What you will do
Every line of the listing below is to be repeated exactly; the pictures stay out.
=====
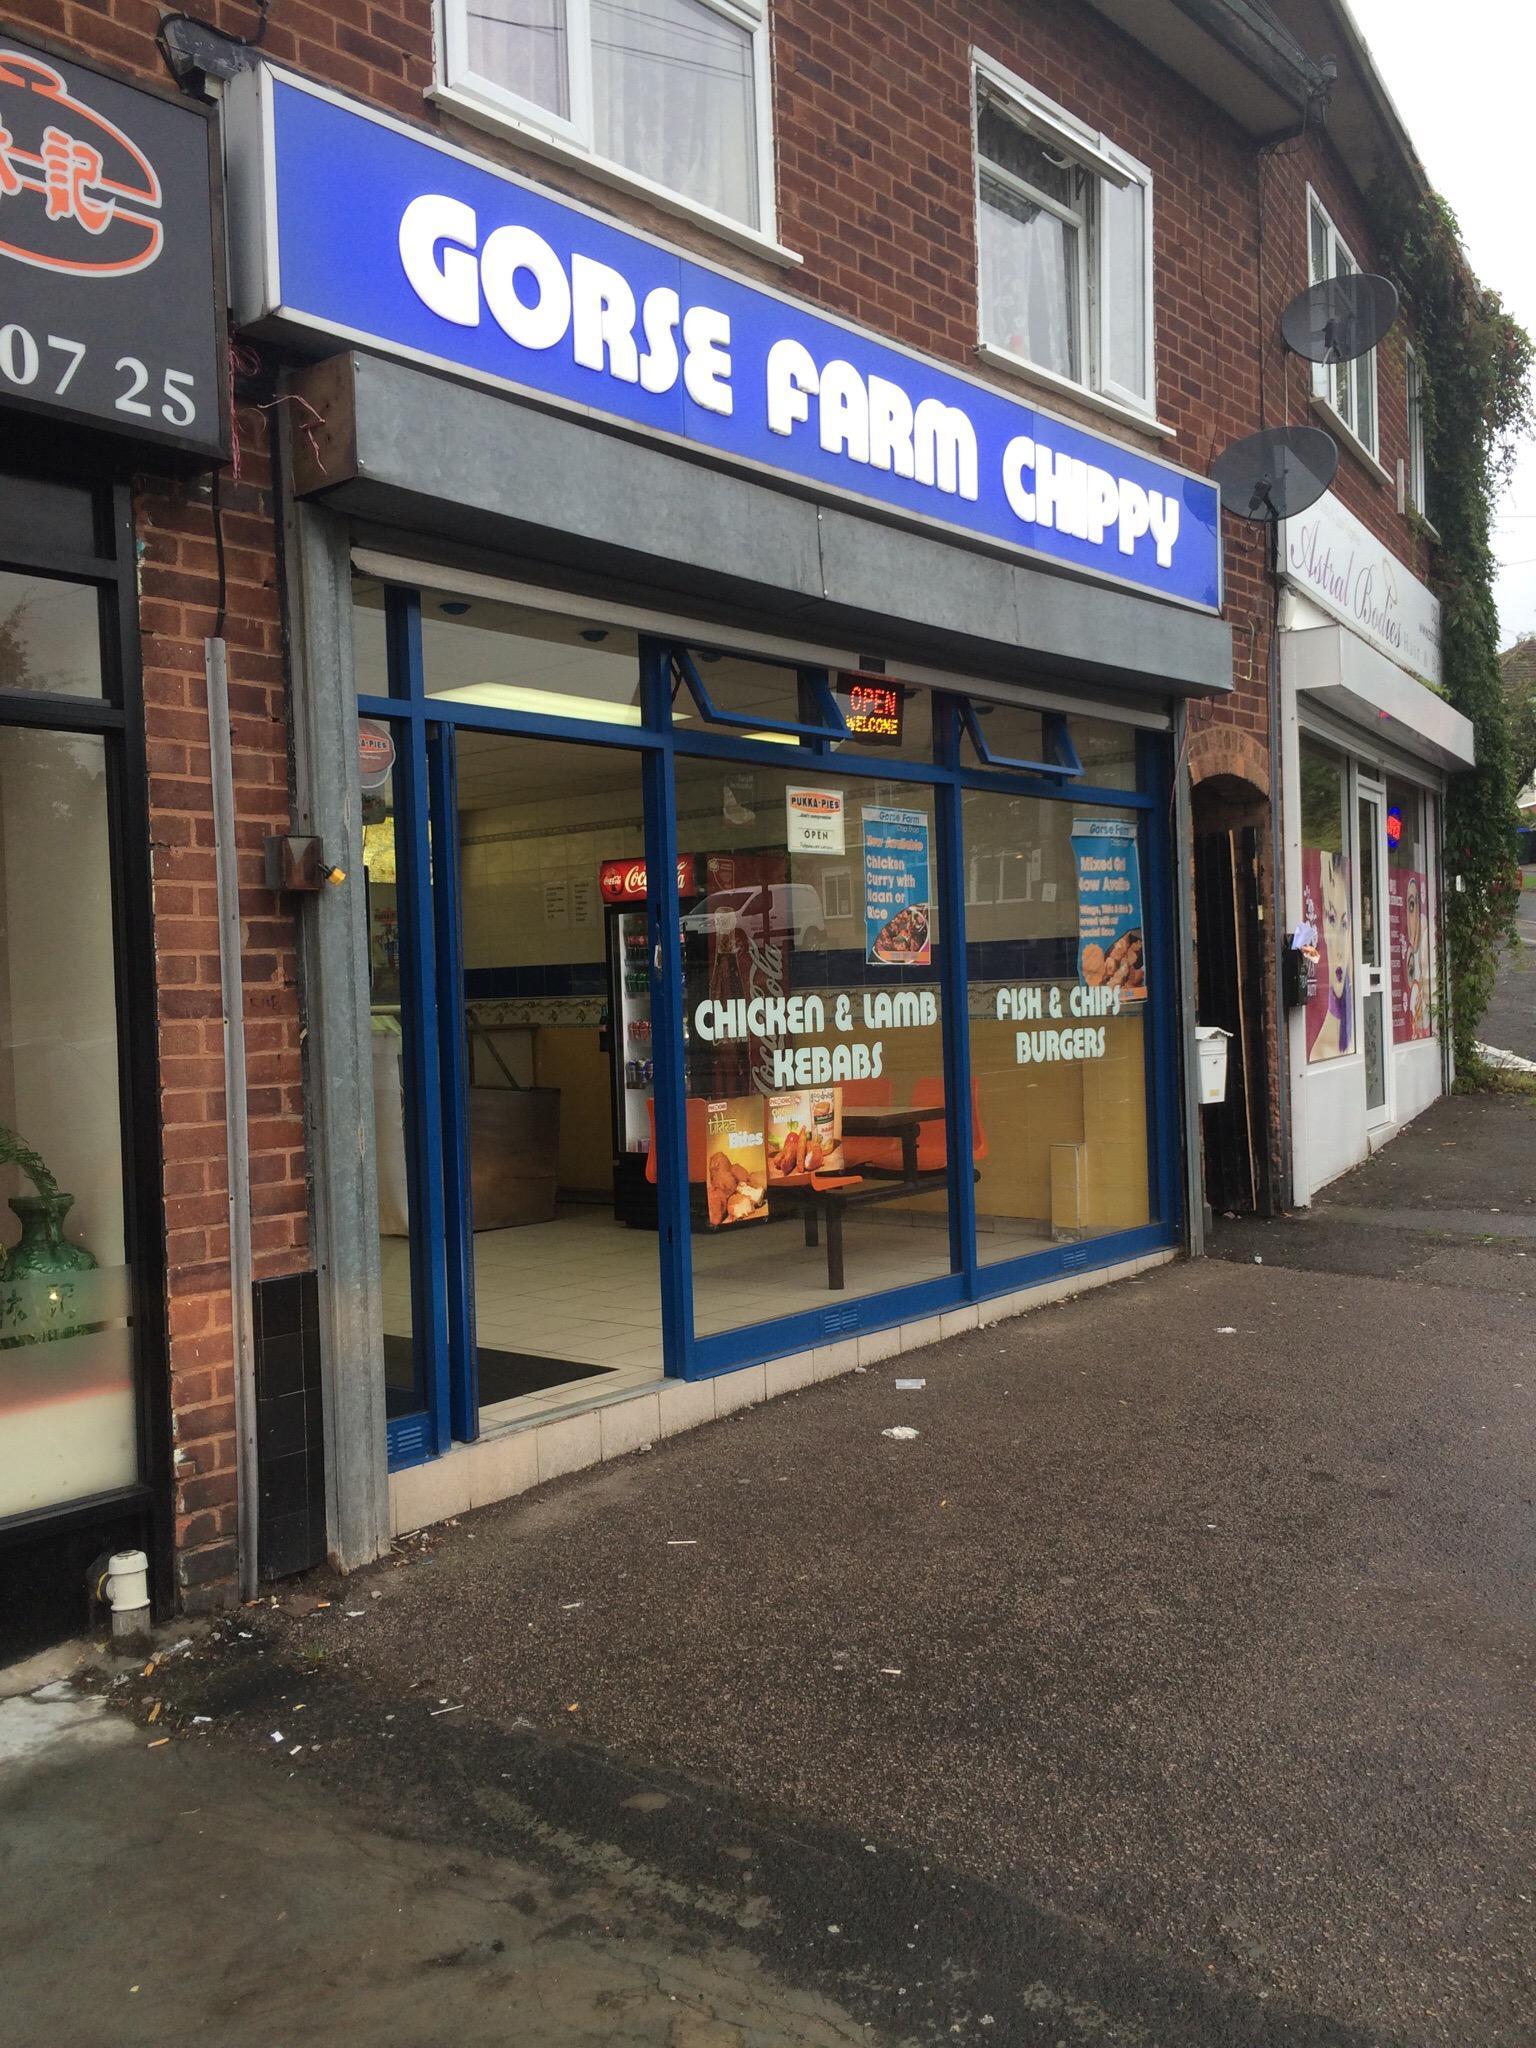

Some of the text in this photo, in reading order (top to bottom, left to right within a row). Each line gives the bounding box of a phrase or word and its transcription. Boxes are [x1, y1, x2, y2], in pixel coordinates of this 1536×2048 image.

[115, 356, 197, 427] 25
[398, 193, 1180, 568] GORSE FARM CHIPPY
[1290, 519, 1355, 607] Astral
[850, 685, 897, 716] OPEN
[846, 714, 899, 735] WELCOME
[902, 813, 920, 823] Farm
[804, 829, 829, 840] OPEN
[866, 855, 905, 870] Chicken
[1081, 856, 1113, 872] Mixed
[867, 872, 915, 888] Curry with
[695, 991, 938, 1041] CHICKEN & LAMB
[996, 984, 1121, 1021] FISH & CHIPS
[1016, 1026, 1105, 1064] BURGERS
[773, 1041, 883, 1088] KEBABS
[728, 1131, 763, 1148] Bites
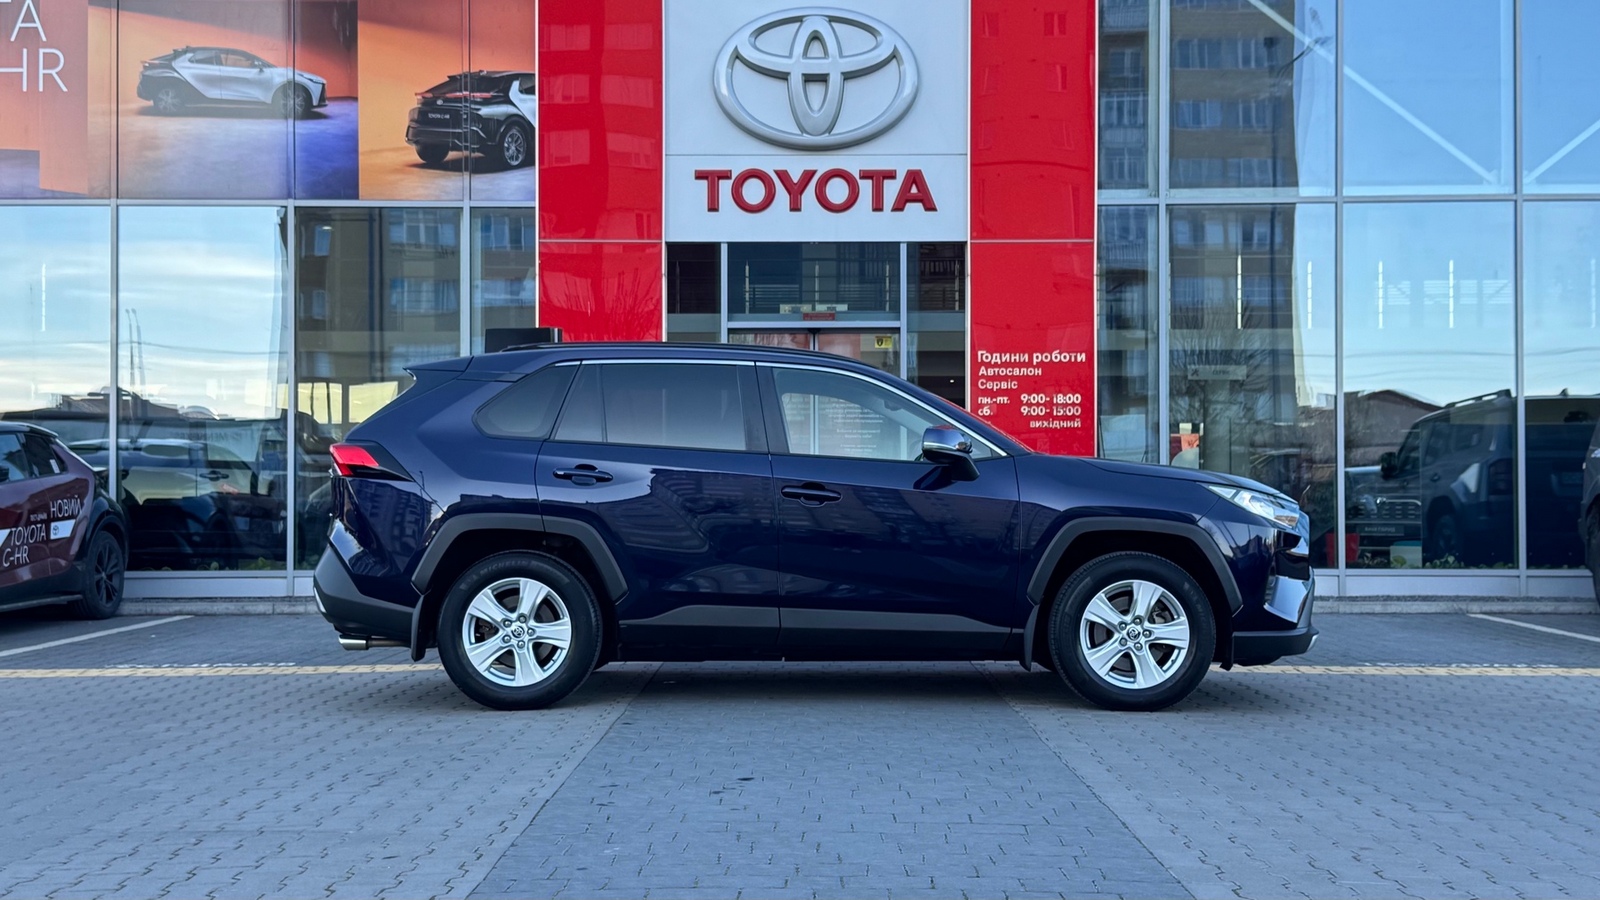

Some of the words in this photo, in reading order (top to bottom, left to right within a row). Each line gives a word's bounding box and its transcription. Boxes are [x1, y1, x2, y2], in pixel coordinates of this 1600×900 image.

[694, 168, 938, 214] TOYOTA
[977, 350, 1029, 364] Години
[1033, 350, 1086, 366] роботи
[979, 366, 1042, 376] Автосалон
[978, 379, 1018, 391] Сервіс
[1053, 406, 1081, 416] 15:00
[1030, 418, 1081, 429] вихідний
[50, 494, 82, 518] НОВИЙ
[11, 523, 46, 546] TOYOTA
[2, 545, 30, 567] C-HR
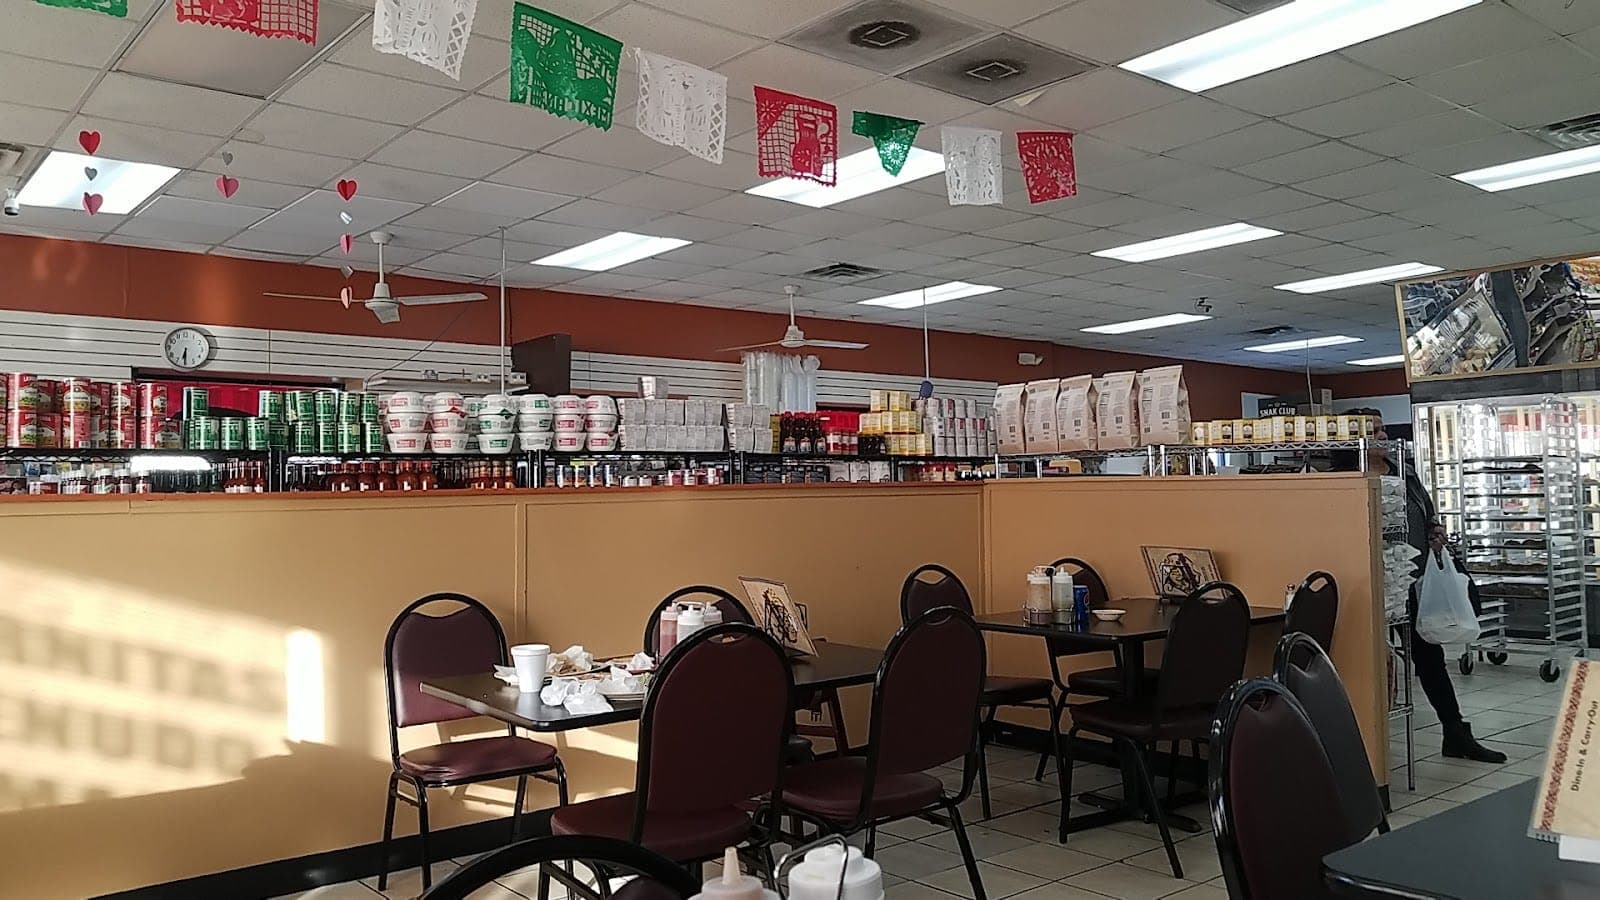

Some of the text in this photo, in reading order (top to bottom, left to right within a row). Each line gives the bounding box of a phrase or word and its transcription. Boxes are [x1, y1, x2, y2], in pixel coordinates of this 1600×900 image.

[1259, 408, 1277, 417] SNAK
[1570, 758, 1585, 792] Dine-In
[1580, 700, 1599, 745] Carry-Out
=====
Answer box
Some of the text in this photo, in reading order (top to bottom, left to right within a row). Each line gives the bounding box of a phrase or word and its transcription. Boxes are [x1, y1, x2, y2], in pixel coordinates of this 1536×2048 image.

[115, 356, 197, 427] 25
[398, 193, 1180, 568] GORSE FARM CHIPPY
[1290, 519, 1355, 607] Astral
[850, 685, 897, 716] OPEN
[846, 714, 899, 735] WELCOME
[902, 813, 920, 823] Farm
[804, 829, 829, 840] OPEN
[866, 855, 905, 870] Chicken
[1081, 856, 1113, 872] Mixed
[867, 872, 915, 888] Curry with
[695, 991, 938, 1041] CHICKEN & LAMB
[996, 984, 1121, 1021] FISH & CHIPS
[1016, 1026, 1105, 1064] BURGERS
[773, 1041, 883, 1088] KEBABS
[728, 1131, 763, 1148] Bites

Some of the words in this photo, in reading order (top to bottom, left to right within a row). Each line gives a word's bounding box and its transcription. Boxes are [x1, y1, x2, y2], in pixel coordinates of this 1600×900 image.

[694, 168, 938, 214] TOYOTA
[977, 350, 1029, 364] Години
[1033, 350, 1086, 366] роботи
[979, 366, 1042, 376] Автосалон
[978, 379, 1018, 391] Сервіс
[1053, 406, 1081, 416] 15:00
[1030, 418, 1081, 429] вихідний
[50, 494, 82, 518] НОВИЙ
[11, 523, 46, 546] TOYOTA
[2, 545, 30, 567] C-HR

Some of the text in this photo, in reading order (top to bottom, left to right within a row). Each line gives the bounding box of a phrase or word and its transcription. Boxes are [x1, y1, x2, y2], in pixel coordinates of this 1600×900 image.

[1259, 408, 1277, 417] SNAK
[1570, 758, 1585, 792] Dine-In
[1580, 700, 1599, 745] Carry-Out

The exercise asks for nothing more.